Наиболее важным путем, приводящим к освобождению ионов Са2+ из саркоплазматического ретикулума для гладкой мышцы является путь инозитол-1, 4, 5-трифосфата (рис.13) [181, 363].

Существование этого пути было предположено на основании наблюдения, что некоторые внеклеточные агонисты могут приводить к сокращению гладкой мышцы с минимальной деполяризацией и с незначительным Са2+ входом. В частности, для таких агонистов, как серотонин или норадреналин было замечено, что наблюдаемое повышение концентрации Са2+ в клетке несколько выше, чем если бы оно зависело исключительно от входа Са2+. Следовательно, для этих агонистов существует другой, параллельный путь повышения концентрации Са2+ в клетке и агонисты вызывают сокращение гладкой мышцы, усиливая образование иозитол-1, 4, 5-трифосфата. Инозитол-1, 4, 5-трифосфат связывается со специфическим рецептором на мембране саркоплазматического ретикулума гладкомышечной клетки. Рецепторы к инозитол-1, 4, 5-трифосфату сами по себе являются лиганд-управляемыми Са2+ каналами. Рецептор к инозитол-1, 4, 5-трифосфату (IP3)- это тетрамер, состоящий из мономеров с молекулярной массой 300-350кДа. В настоящее время обнаружено 3 изоформы, которые отличаются по степени чувствительности к инозитол-1, 4, 5-трифосфату. Процесс открытия Са2+канала IP3 рецептора зависит от концентрации ионов Са2+ в саркоплазме, поэтому Са2+ считается ко-активатором IP3-рецептора [307, 186, 363, 346].

Таким образом, активация некоторыми агонистами рецепторов плазматической мембраны может не прямым путем вызывать освобождение Са2+ из саркоплазматического ретикулума и стимулировать сокращение гладкой мышцы.

В состав плазматической мембраны входит фосфолипид фосфатидилинозитол. Часть этой мелкой молекулы, содержащая инозитол, находится на внутренней поверхности мембраны. В результате фосфорилирования образуются две молекулы, играющие существенную роль в механизмах внутриклеточной передачи возбуждения: фосфатидилинозитолфосфат и фосфатидилинозитол-4, 5-бифосфат.

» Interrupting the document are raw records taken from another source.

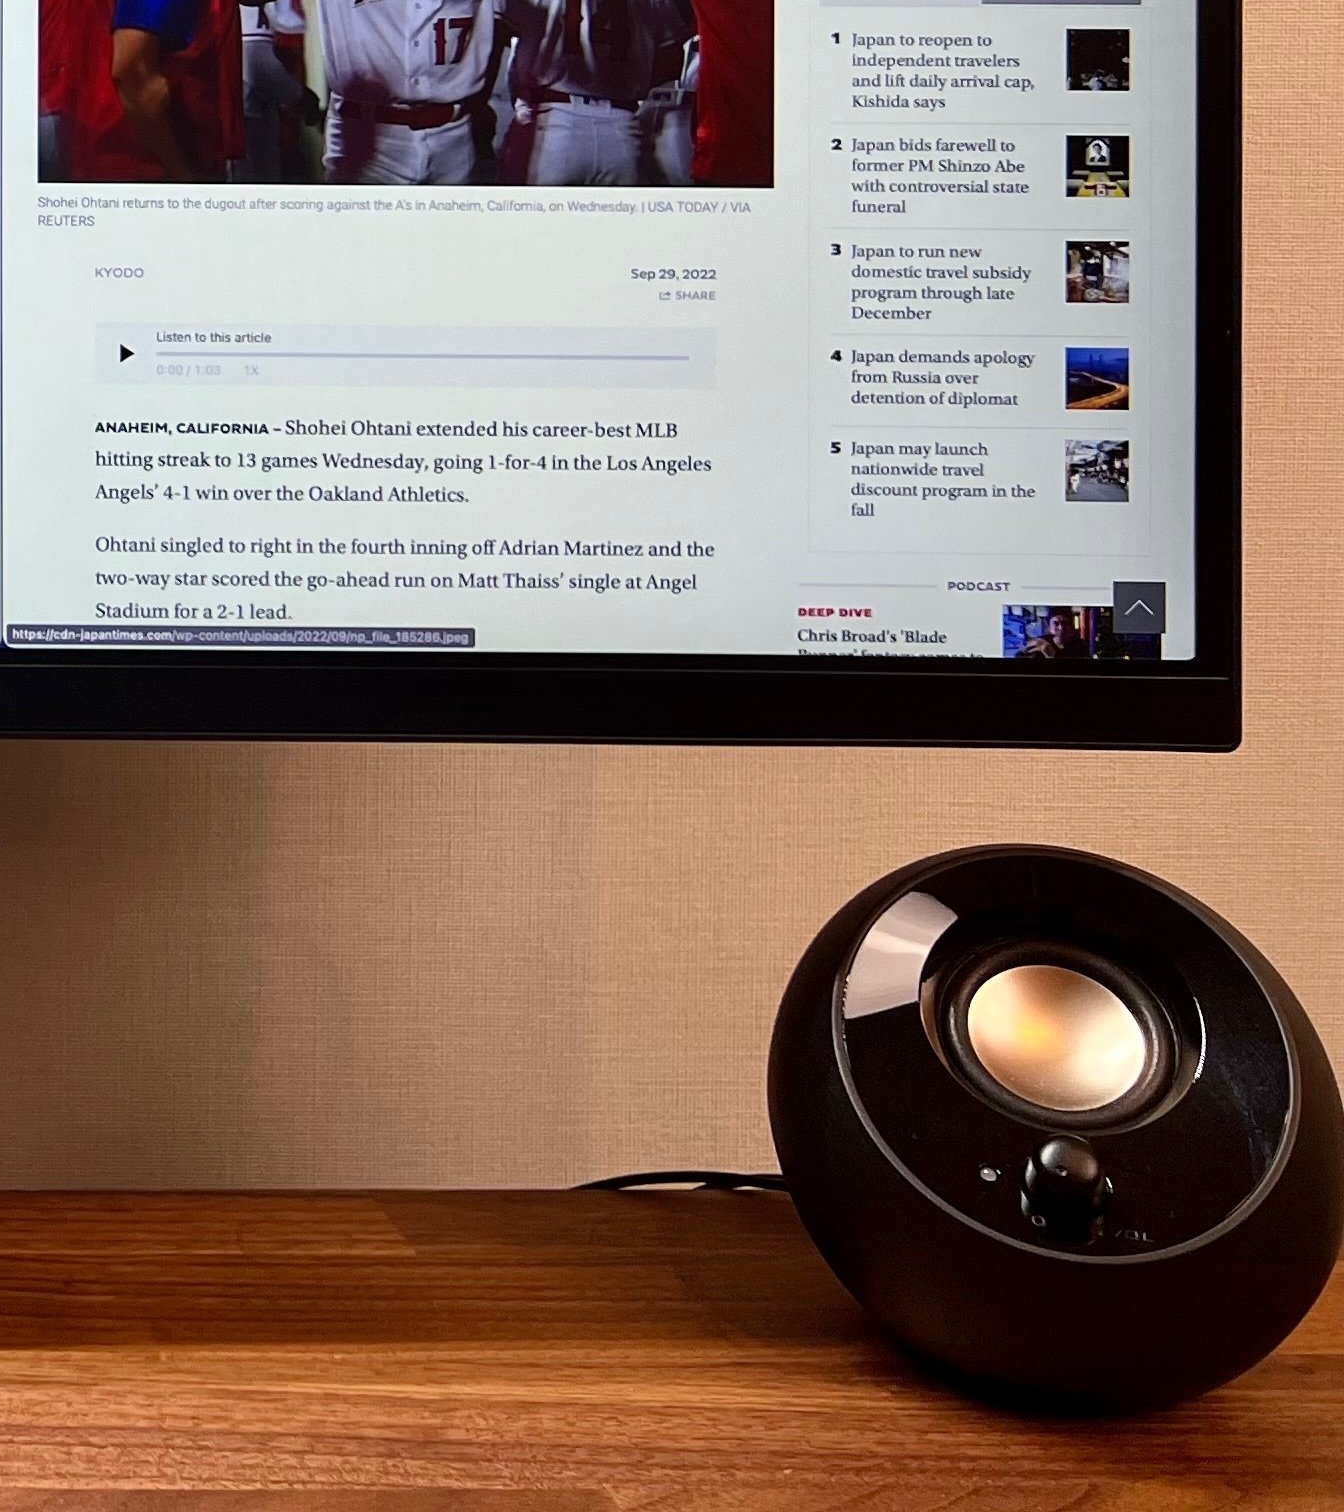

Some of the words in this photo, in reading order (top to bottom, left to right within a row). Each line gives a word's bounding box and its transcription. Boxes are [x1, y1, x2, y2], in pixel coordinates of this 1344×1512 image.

[433, 18, 472, 66] 17
[830, 32, 840, 45] 1
[853, 33, 895, 49] Japan
[900, 35, 915, 46] to
[919, 37, 972, 50] reopen
[977, 36, 992, 46] to
[853, 53, 951, 70] independent
[955, 54, 1020, 67] travelers
[95, 268, 144, 278] KYODO
[157, 332, 191, 342] Listen
[195, 333, 206, 342] to
[210, 333, 231, 342] this
[235, 333, 271, 343] article
[95, 423, 172, 435] ANAHEIM,
[177, 423, 269, 434] CALIFORNIA
[164, 486, 190, 500] 4-1
[196, 485, 229, 500] win
[234, 490, 272, 500] over
[277, 485, 304, 501] the
[309, 486, 383, 501] Oakland
[388, 486, 469, 502] Athletics.

Агонисты активируют серпентинные рецепторы, сцепленные с гетеротримерным G-белком, в результате чего стимулируется фосфолипаза С. Этот фермент специфично расщепляет мембранный липид фосфоинозитол-4, 5-бифосфат с образованием двух вторичных посредников: инозитол-1, 4, 5-трифосфата и диацилглицерола. В результате быстро повышается уровень инозитол-1, 4, 5-трифосфата и диацилглицерола в цитозоле. Оба продукта являются вторичными посредниками. Диацилглицерол остается на мембране и активирует протеинкиназу С, которая мигрирует к мембране из цитозоля. Растворимый в воде инозитол-1, 4, 5-трифосфат свободно проходит через цитозоль и стимулирует освобождение ионов Са2+ из саркоплазматического ретикулума. Таким образом, как инозитол-1, 4, 5-трифосфат, так и диацилглицерол являются продуктами метаболизма мембранных фосфолипидов [13, 291].

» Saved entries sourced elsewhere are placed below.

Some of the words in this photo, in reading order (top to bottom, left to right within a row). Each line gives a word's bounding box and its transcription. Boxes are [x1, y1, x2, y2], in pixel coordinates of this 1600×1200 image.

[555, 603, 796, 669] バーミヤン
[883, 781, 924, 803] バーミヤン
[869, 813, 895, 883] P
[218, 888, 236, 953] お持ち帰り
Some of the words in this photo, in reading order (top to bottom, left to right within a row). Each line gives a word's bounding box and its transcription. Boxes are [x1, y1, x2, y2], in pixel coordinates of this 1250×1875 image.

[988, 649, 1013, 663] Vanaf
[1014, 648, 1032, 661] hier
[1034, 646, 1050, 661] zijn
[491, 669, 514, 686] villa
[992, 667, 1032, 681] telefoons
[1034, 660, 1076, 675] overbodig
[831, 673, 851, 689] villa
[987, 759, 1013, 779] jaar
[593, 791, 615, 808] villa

Кроме фосфатидилинозитола, в клетке имеется другой, наиболее часто встречающийся фосфолипид, который также может являться источником диацилглицерола. Этим фосфолипидом является фосфатидилхолин. Клетка способна продуцировать диацилглицерол из фосфатидилхолина двумя путями: во-первых, фосфолипаза С способна прямо конвертировать фосфатидилхолин в фосфохолин и диацилглицерол; и во-вторых, фосфолипаза D может конвертировать фосфатидилхолин в холин и фосфо-диацилглицерол. В последующем фосфо-диацилглицерол конвертируется в диацилглицерол при помощи специфической фосфогидролазы.

Рецепторы к инозитол-1, 4, 5-трифосфату представляют из себя лиганд-зависимые Са2+ -каналы, локализованные на мембране саркоплазматического ретикулума, по структуре они относятся к Са2+-освобождающим каналам и отвечают за освобождение ионов Са2+ из саркоплазматического ретикулума.

 

 

Рис.13. С хема основных механизмов сокращения в гладкомышечной клетке (объяснение в тексте).

СПР - саркоплазматический ретикулум, ИФ3 – инозитол-1, 4, 5-трифосфат, ДГ – диацилглицерол, КЛЦМ – киназа легких цепей миозина, ФЛЦМ – фосфатаза легких цепей миозина.

 

Взаимодействие инозитол-1, 4, 5-трифосфата с рецептором приводит к пассивному выходу Ca2+ из саркоплазматического ретикулума и, соответственно, к быстрому повышению концентрации свободного Ca2+ в цитозоле. Повышение концентрации Ca2+ может быть кратковременным или продолжительным, может регулярно колебаться, увеличиваясь волнообразно, а также может распространяться на группу клеток, связанных между собой нексусами [21].

Диацилглицерол, совместно с ионами Ca2+, активирует протеинкиназу С, которая фосфоирлирует специфические клеточные белки. В гладкой мышце существует несколько изозимов протеинкиназы С, и у каждой из них специфическая роль. В большинстве случаев протенкиназа С участвует в реализации и регуляции механизма сокращения – фосфорилирует L-тип Са2+каналов или другие белки, регулирующие образование поперечных мостиков.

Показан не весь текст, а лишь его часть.